I crossed the scree slope and entered the cave. It was cooler than outside and wetter, water trickled down the walls and dripped from the ceiling. The floor was made of rough chips of grey-green tuff, mixed in with papers and cigarette ends left by earlier thoughtful visitors. After exploring the cave I re-crossed the scree back to the east side of the chute and found a fairly stable tuffet of grass to eat my sultanas and banana. Later that night around the Woodsmoke camp fire I talked with Will Lord about Langdale axe heads and my trip to the axe factory and he was to express some amazement that I’d bothered to get up there in the first place and he also offered his own experiences of working with the tuff, not least the problem of find somewhere to put your hammerstone so that it didn’t roll down the mountain never to be seen again.
Why come to such dangerous, liminal places to quarry stone when suitable stone for blades could be won elsewhere? Was there something attractive and necessary about accessing such places, in winning blades from the peaks of mountains? Was exposure to risk and hardship part of the process of making the blade, a process that continued when the blade was finished and it was passed on to others, along with it’s lineage and the circumstances of its creation? Up here a threshold has been crossed, even to the herdsmen of the Neolithic this was not home all year long but a place to come to graze their flocks in the long grasses of late summer, a place that afforded views and vistas into other valleys before the clouds came down again and the world withdrew from sight.

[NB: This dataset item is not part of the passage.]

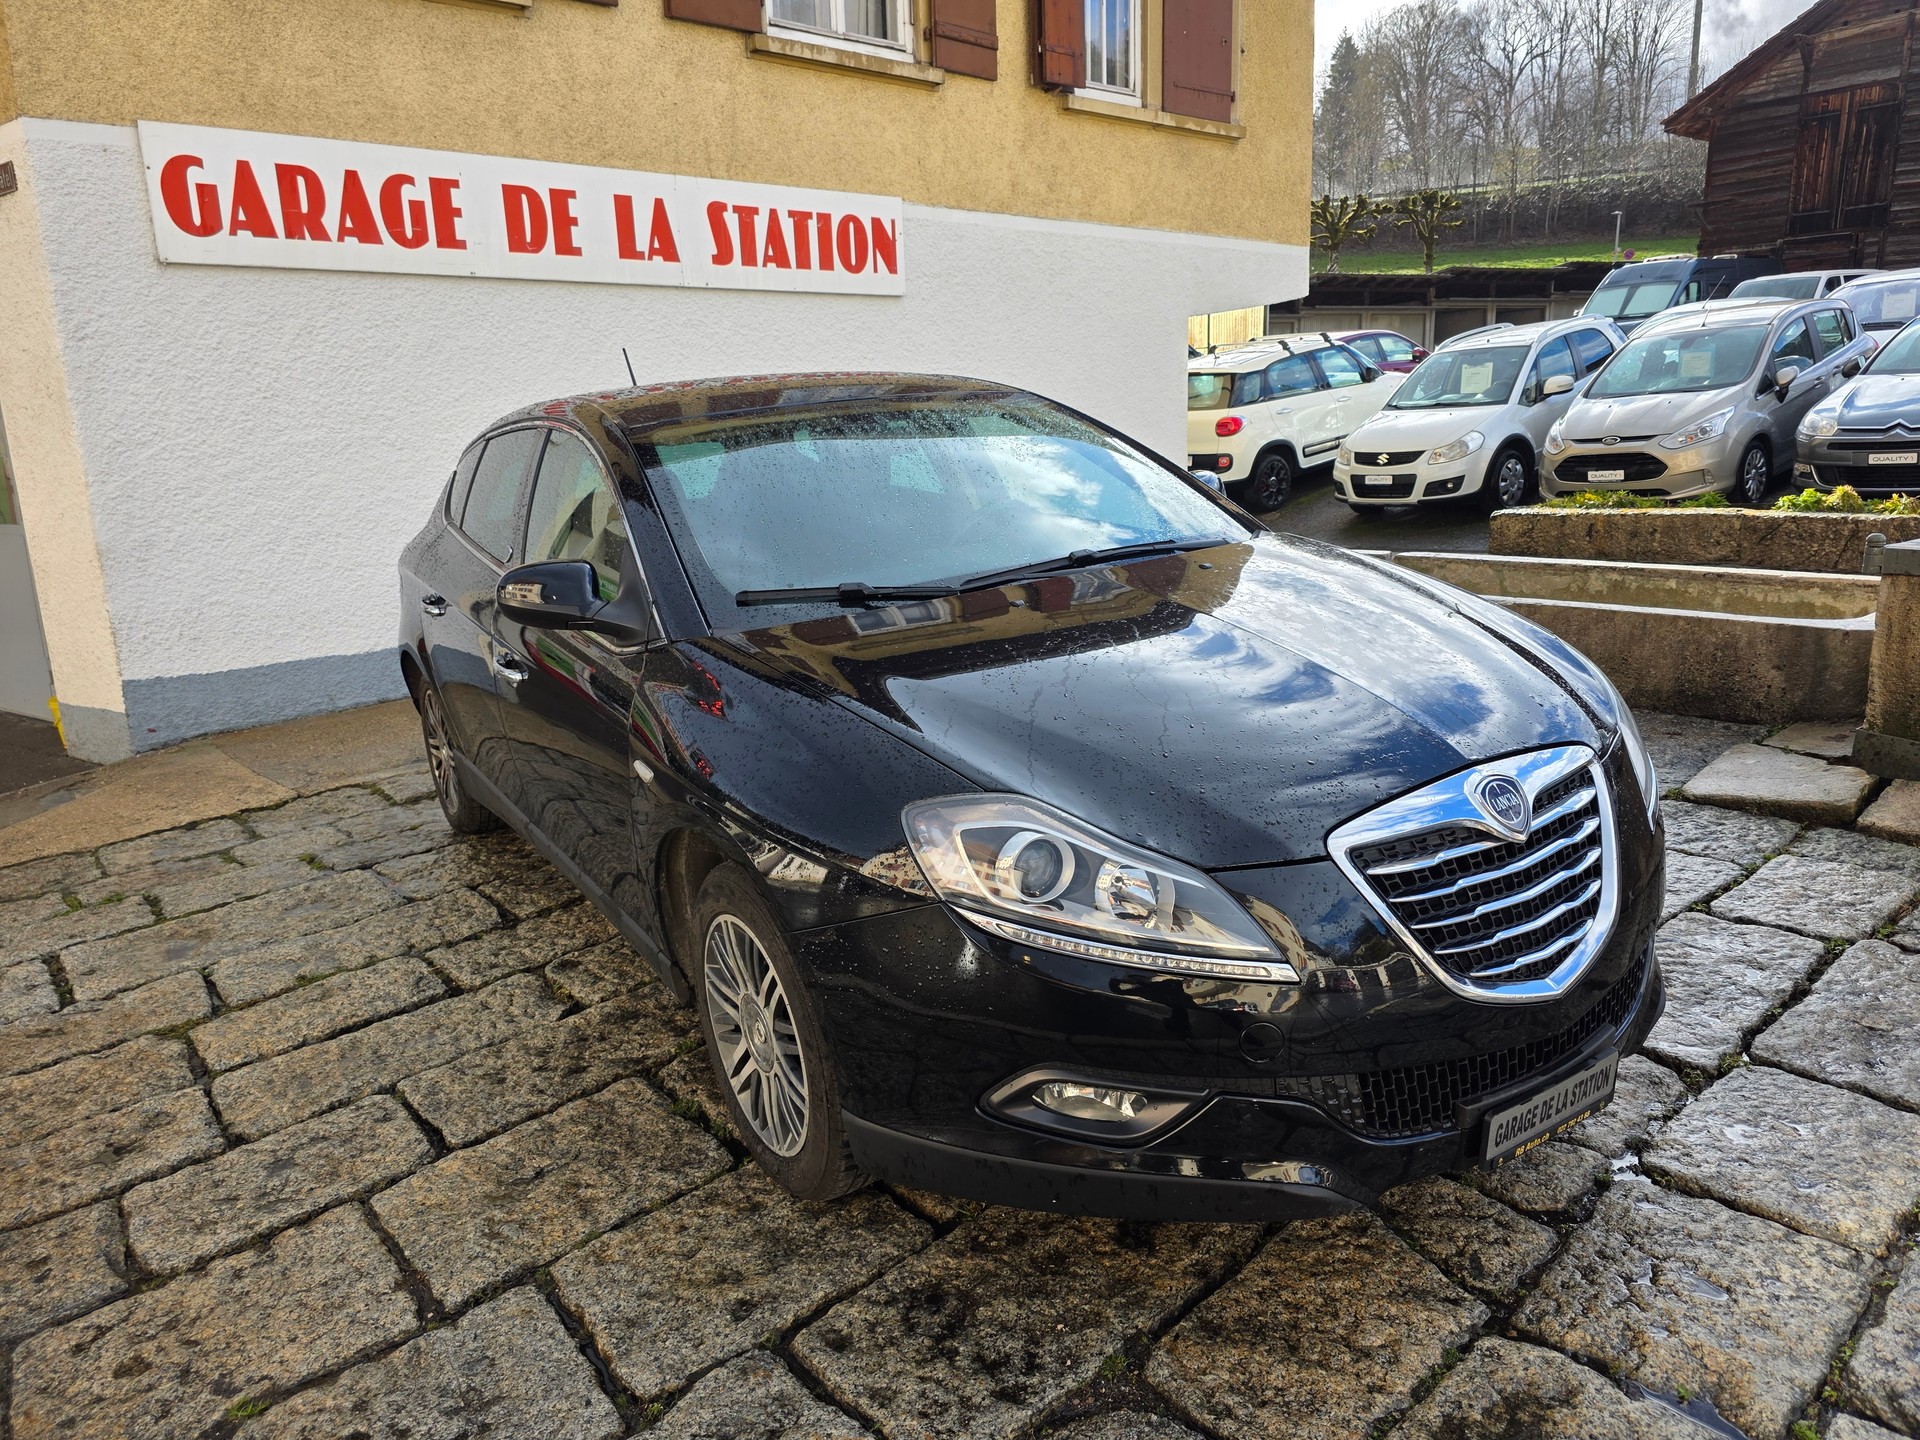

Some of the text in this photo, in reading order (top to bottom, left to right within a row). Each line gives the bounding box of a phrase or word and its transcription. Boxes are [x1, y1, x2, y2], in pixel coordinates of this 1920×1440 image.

[160, 154, 898, 275] GARAGE DE LA STATION
[1872, 455, 1909, 463] QUALITY
[1491, 793, 1519, 811] LANCIA
[1494, 1064, 1612, 1148] GARAGE DE LA STATION

How was the stone won from the mountain? By the labour of felling trees and carrying the lumber up to the faces, in the skill of know how to build the right fires that would produce enough heat to crack out the blocks but would not make the stone brittle with too much heat. A skilled and technical process that had to be learned and practiced, experience gained as the rock sang and screamed with the release of steam from trickles of water, a living element that relinquished its secrets slowly and with mystery.